Silsila (A Series of Events, 1981), a romantic drama set between Amitabh Bachchan, Rekha and Jaya Bachchan, was one of the biggest blockbusters of the commercial era of New Bollywood in the 1980’s. While most of the film was shot in various studios and locations in India, the iconic song “Dekha Ek Khwab” (“I Saw a Dream”) was partly shot in the Keukenhof Tulip Gardens, near Lisse in The Netherlands. Was it the location or the song itself that created a frenzy amongst audiences to strongly desire being in the beauteous Tulip fields at a destination thousands of miles away from where they lived, is a question that remains unresolved until this day. Keukenhof then also played host for another Bollywood movie, Hello Brother, however, the impact of Silsila remains a cornerstone in the garden’s association with Bollywood.

What is most interesting to me is the fact that the frenzy remains so prevalent amongst the (Indian) audiences who still associate this garden with this film and travel in huge numbers just to experience the location in person. Apart from the large number of Indians traveling to Keukenhof, what is telling of this impact is how people dressed up similarly to the iconic duo of Rekha and Amitabh just to be able to recreate their onscreen moments in a photograph.

While wading through the humongous tulip fields, I asked myself many questions- What makes some places so significant to some people, and not so much to the others? What makes some places stand the test of time and continue to be of significance year after year? Do cinematic associations assign more value and longevity to certain places? Of course to unravel these questions requires good amounts of research into film, tourism and their interplay. This project on Bollywood Tourism that I undertake is a step in that direction.
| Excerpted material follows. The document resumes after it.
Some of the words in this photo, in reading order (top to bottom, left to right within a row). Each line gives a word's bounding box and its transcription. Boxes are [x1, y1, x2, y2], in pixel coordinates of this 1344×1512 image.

As one can imagine-songs, are an indispensable part of any Bollywood movie narrative- to the extent that songs become the unique selling point of films and ensure they stay viable for years. A striking feature which gained prominence also in the later eras of Bollywood cinema, was the practice of shooting just the songs on scenic locations abroad, while the rest of the film had absolutely no connection to the foreign locations. “Dekha Ek Khwab” is one such example, where just the song sequence boosted audiences imagination towards a faraway land. It created curiosity and longing which continues to attract the film-tourists to visit the tulip fields at Keukenhof. At the same time, such numbers are also looked at as a fruitful enterprise towards boosting the film tourism economy.
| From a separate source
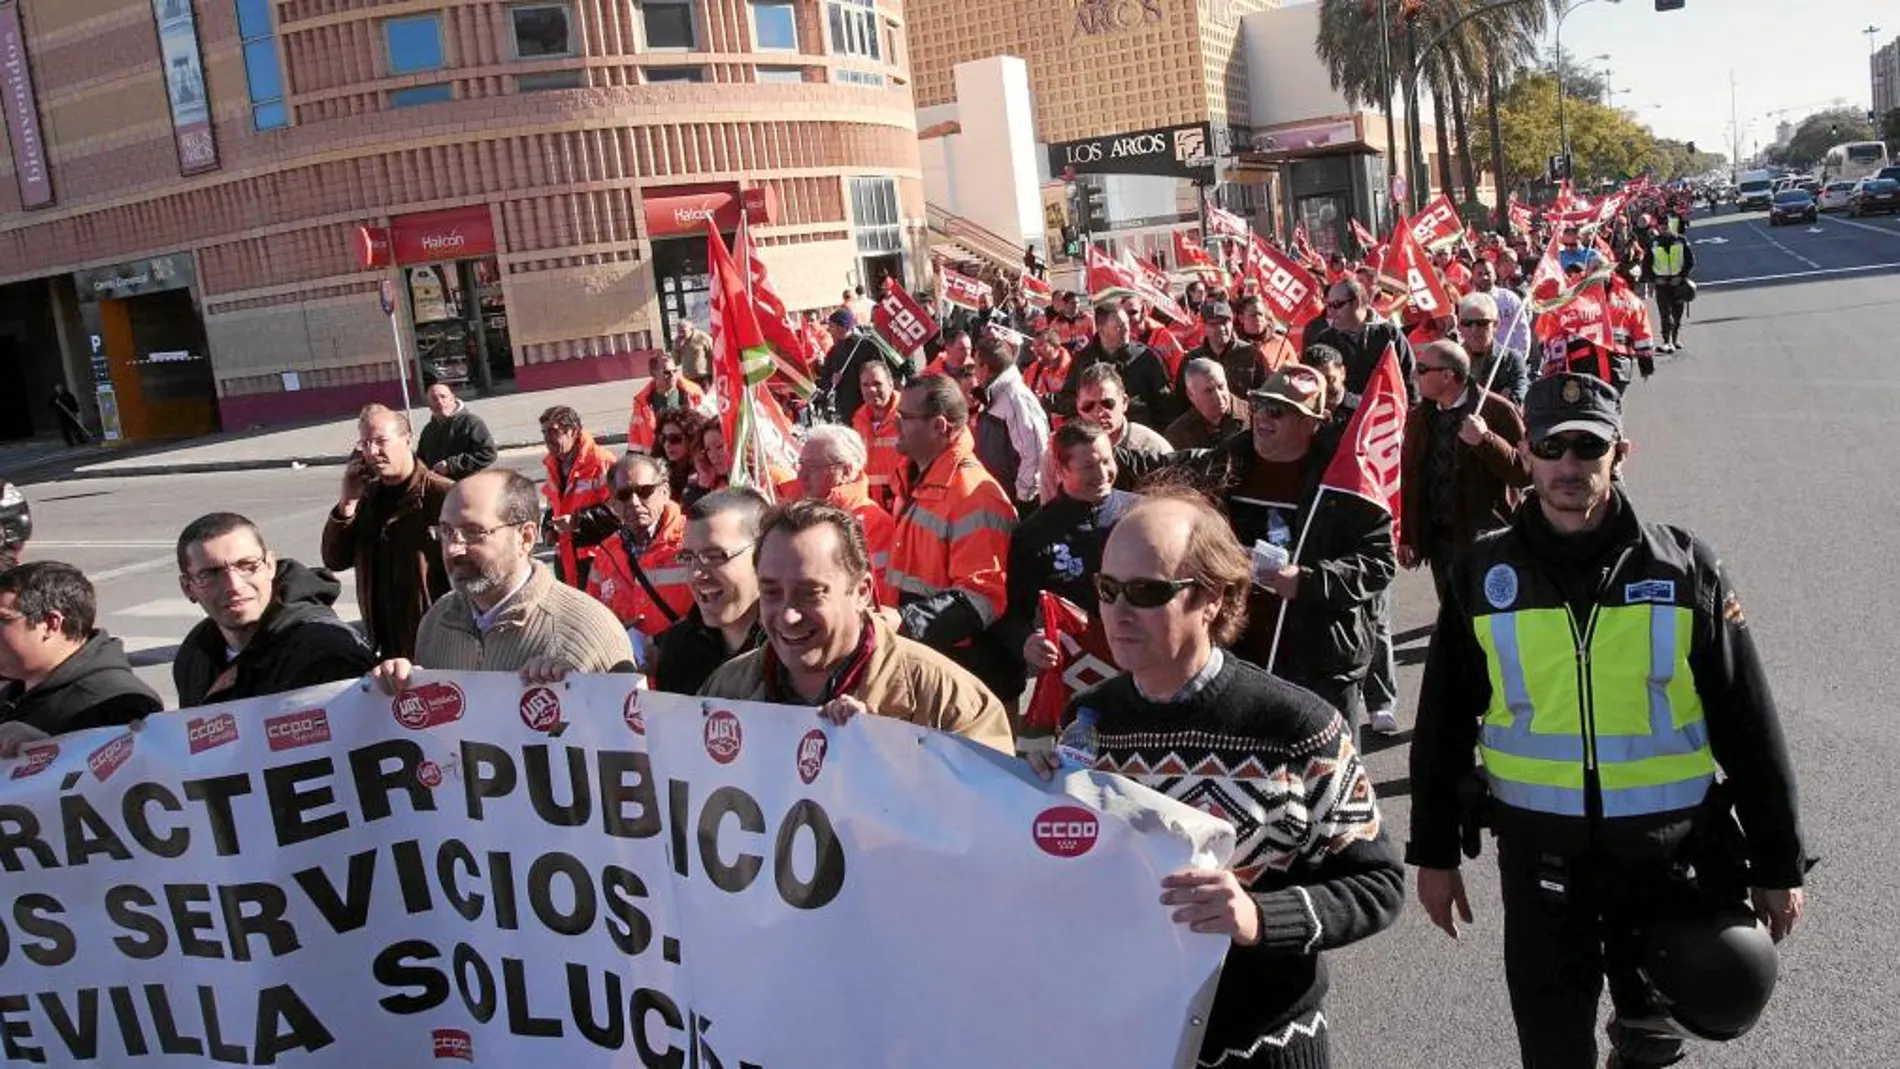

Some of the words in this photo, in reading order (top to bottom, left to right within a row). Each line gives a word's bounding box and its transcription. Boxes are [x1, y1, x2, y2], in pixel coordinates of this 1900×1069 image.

In my next case study, for which I begin fieldwork in August, I explore how a songs’ popularity creates an explosion of tourists traveling to a certain destination. This research focuses on the case of the song “Gerua” (“Saffron”) from the film Dilwale (People with Hearts, 2015) and how it has created a superfluous and rapid flow of Indian tourists to Iceland. I look at it as a new wave of tourism unleashed by Bollywood cinema, after the tourism boom to the Swiss Alps post the 1995 release of Dilwale Dulhania Le Jayenge (1995). interestingly, Dilwale happens to be a remake of Dilwale Dulhania Le Jayenge, and that adds an interesting layer to my investigation, as to how two films 20 years apart, with the same star-cast, possess the ability to make people cross borders chasing similar cinematic experiences. Undoubtedly, Bollywood tourism has many such questions and layers waiting to be unraveled!